◆ Input data
*** Begin section ***

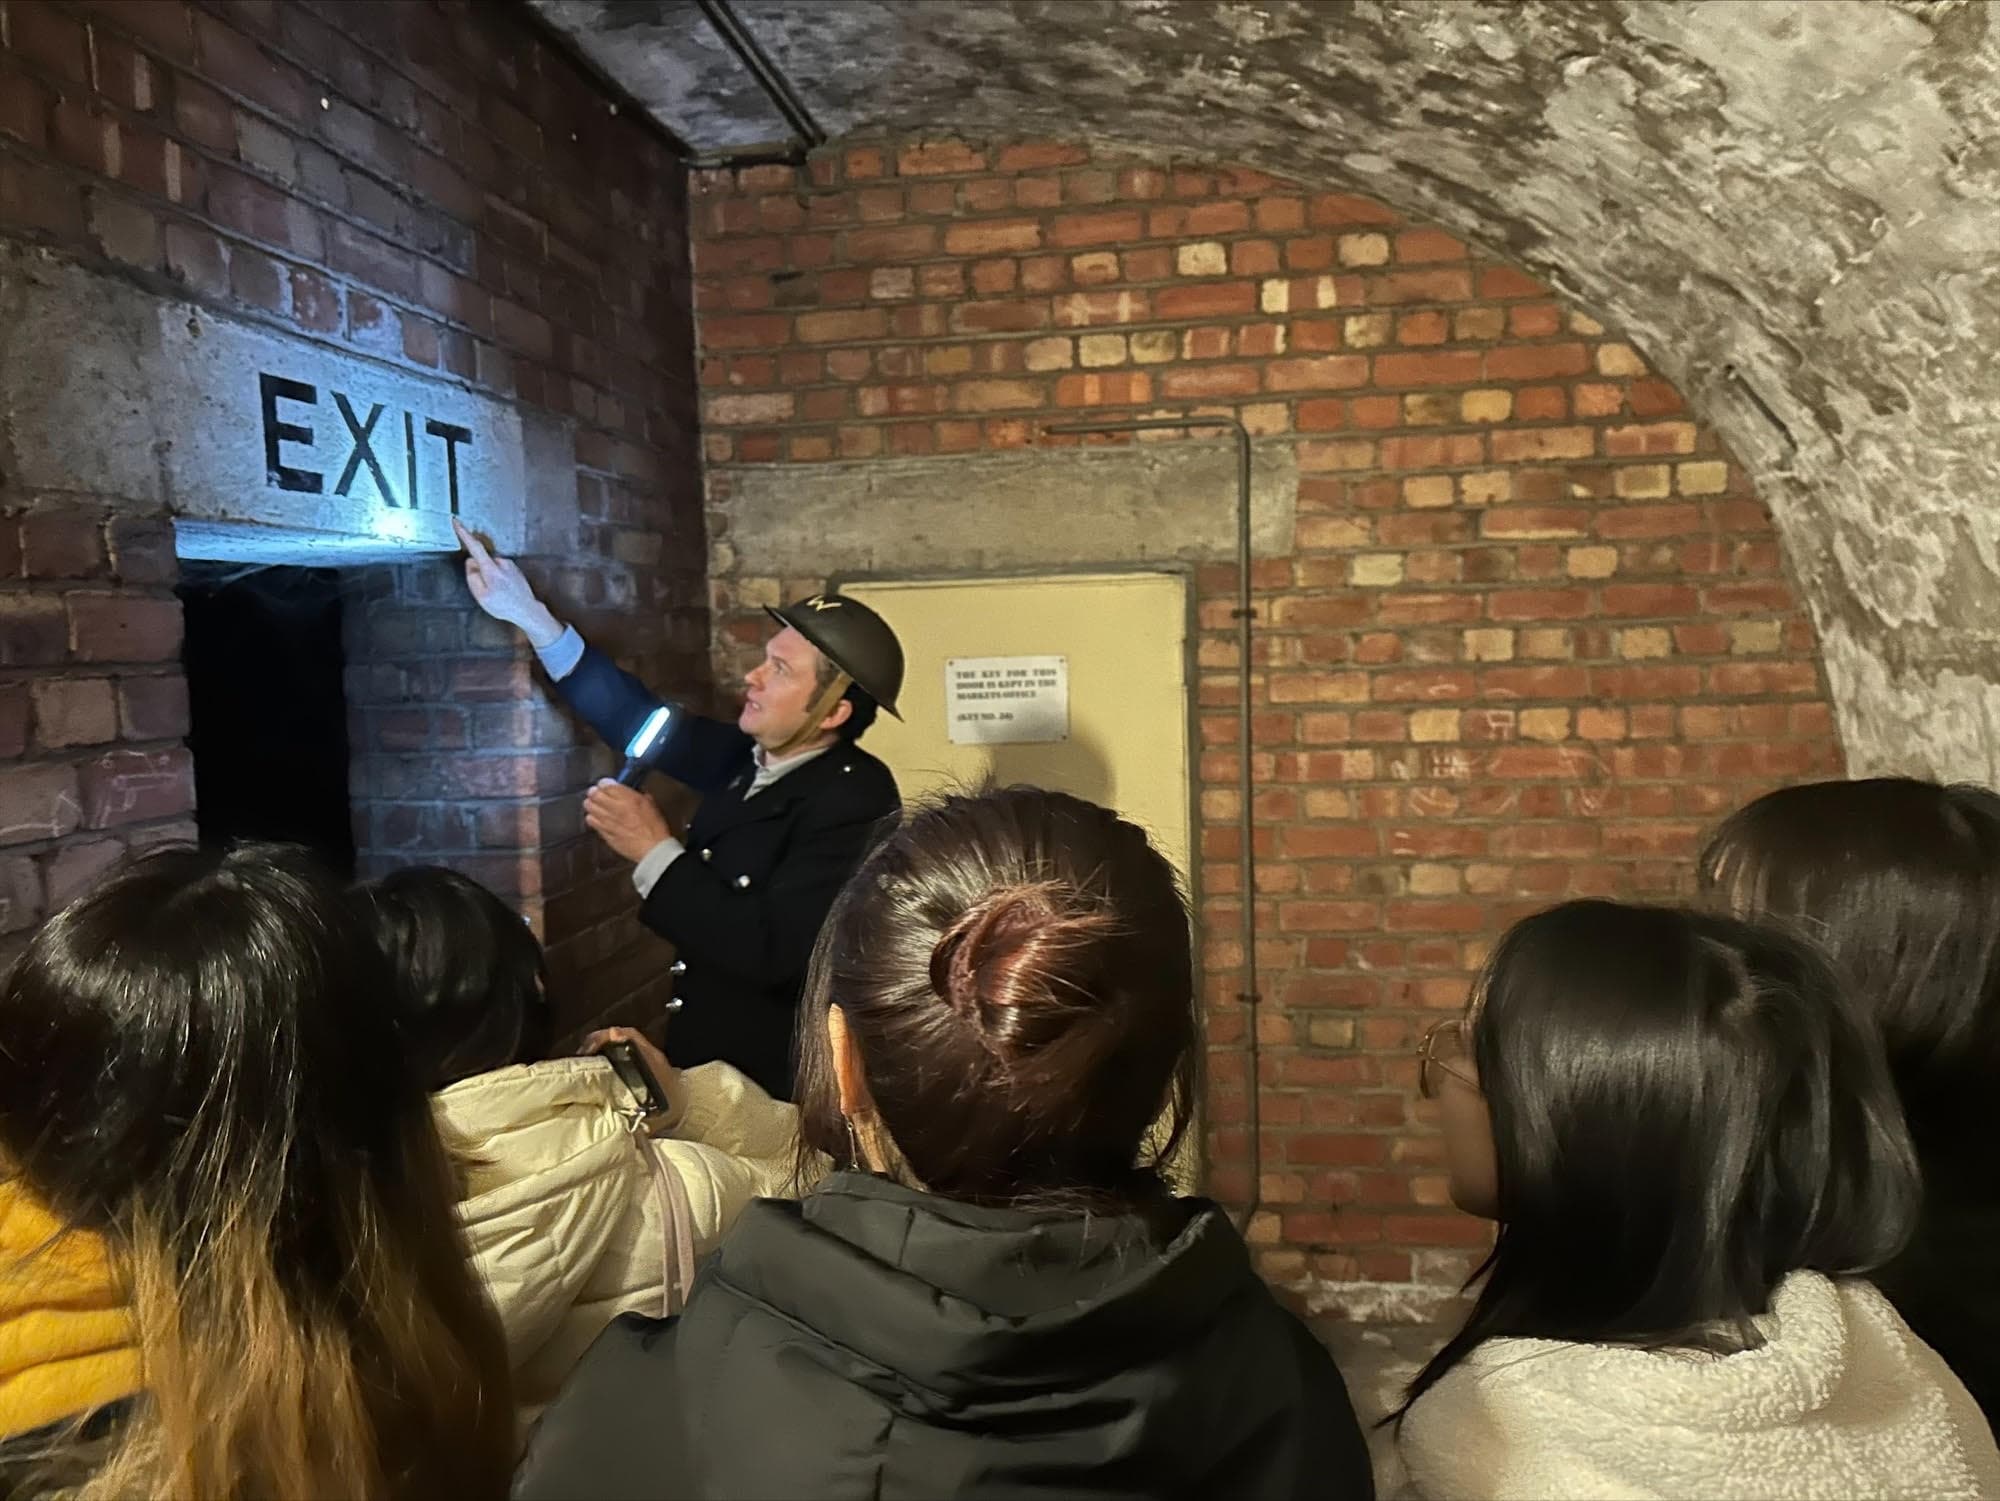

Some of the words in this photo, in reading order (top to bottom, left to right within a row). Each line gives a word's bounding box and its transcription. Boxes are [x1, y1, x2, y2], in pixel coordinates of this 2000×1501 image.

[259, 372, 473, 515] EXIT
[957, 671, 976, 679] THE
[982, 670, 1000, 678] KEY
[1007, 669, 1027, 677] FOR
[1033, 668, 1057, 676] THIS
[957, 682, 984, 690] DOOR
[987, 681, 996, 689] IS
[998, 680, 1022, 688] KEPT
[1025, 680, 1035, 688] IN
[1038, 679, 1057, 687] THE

*** End section ***

◆ Exercise prompt
Please print the entries above exactly. Skip every picture.

◆ Task answer
Some of the words in this photo, in reading order (top to bottom, left to right within a row). Each line gives a word's bounding box and its transcription. Boxes are [x1, y1, x2, y2], in pixel coordinates of this 2000×1501 image.

[259, 372, 473, 515] EXIT
[957, 671, 976, 679] THE
[982, 670, 1000, 678] KEY
[1007, 669, 1027, 677] FOR
[1033, 668, 1057, 676] THIS
[957, 682, 984, 690] DOOR
[987, 681, 996, 689] IS
[998, 680, 1022, 688] KEPT
[1025, 680, 1035, 688] IN
[1038, 679, 1057, 687] THE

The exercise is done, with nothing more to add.